• [Source data]
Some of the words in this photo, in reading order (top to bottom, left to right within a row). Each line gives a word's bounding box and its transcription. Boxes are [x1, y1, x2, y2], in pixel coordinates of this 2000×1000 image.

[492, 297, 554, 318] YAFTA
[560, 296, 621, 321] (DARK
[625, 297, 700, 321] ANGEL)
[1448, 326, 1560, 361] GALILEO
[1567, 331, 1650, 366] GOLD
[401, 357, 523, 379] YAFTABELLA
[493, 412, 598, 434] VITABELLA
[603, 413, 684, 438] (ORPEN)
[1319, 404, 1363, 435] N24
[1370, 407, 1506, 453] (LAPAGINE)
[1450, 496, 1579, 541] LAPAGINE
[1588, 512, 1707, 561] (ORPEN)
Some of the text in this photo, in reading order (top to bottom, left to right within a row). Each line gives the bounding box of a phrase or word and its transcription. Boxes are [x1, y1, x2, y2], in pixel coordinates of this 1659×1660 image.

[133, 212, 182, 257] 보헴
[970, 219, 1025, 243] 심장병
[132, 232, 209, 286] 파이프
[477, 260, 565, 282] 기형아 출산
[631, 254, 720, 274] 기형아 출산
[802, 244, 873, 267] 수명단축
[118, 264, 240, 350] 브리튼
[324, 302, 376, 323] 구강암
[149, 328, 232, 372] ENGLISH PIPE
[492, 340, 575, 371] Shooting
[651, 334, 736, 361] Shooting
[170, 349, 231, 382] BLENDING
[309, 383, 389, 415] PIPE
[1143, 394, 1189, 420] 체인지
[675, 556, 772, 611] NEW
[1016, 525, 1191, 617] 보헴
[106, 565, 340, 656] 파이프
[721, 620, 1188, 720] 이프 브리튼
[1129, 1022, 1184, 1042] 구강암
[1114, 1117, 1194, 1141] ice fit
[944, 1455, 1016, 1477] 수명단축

• [Exercise objective] Start at the line containing "Some of the text" and return each line up to and including the last line of the material.

• [Solution below]
Some of the text in this photo, in reading order (top to bottom, left to right within a row). Each line gives the bounding box of a phrase or word and its transcription. Boxes are [x1, y1, x2, y2], in pixel coordinates of this 1659×1660 image.

[133, 212, 182, 257] 보헴
[970, 219, 1025, 243] 심장병
[132, 232, 209, 286] 파이프
[477, 260, 565, 282] 기형아 출산
[631, 254, 720, 274] 기형아 출산
[802, 244, 873, 267] 수명단축
[118, 264, 240, 350] 브리튼
[324, 302, 376, 323] 구강암
[149, 328, 232, 372] ENGLISH PIPE
[492, 340, 575, 371] Shooting
[651, 334, 736, 361] Shooting
[170, 349, 231, 382] BLENDING
[309, 383, 389, 415] PIPE
[1143, 394, 1189, 420] 체인지
[675, 556, 772, 611] NEW
[1016, 525, 1191, 617] 보헴
[106, 565, 340, 656] 파이프
[721, 620, 1188, 720] 이프 브리튼
[1129, 1022, 1184, 1042] 구강암
[1114, 1117, 1194, 1141] ice fit
[944, 1455, 1016, 1477] 수명단축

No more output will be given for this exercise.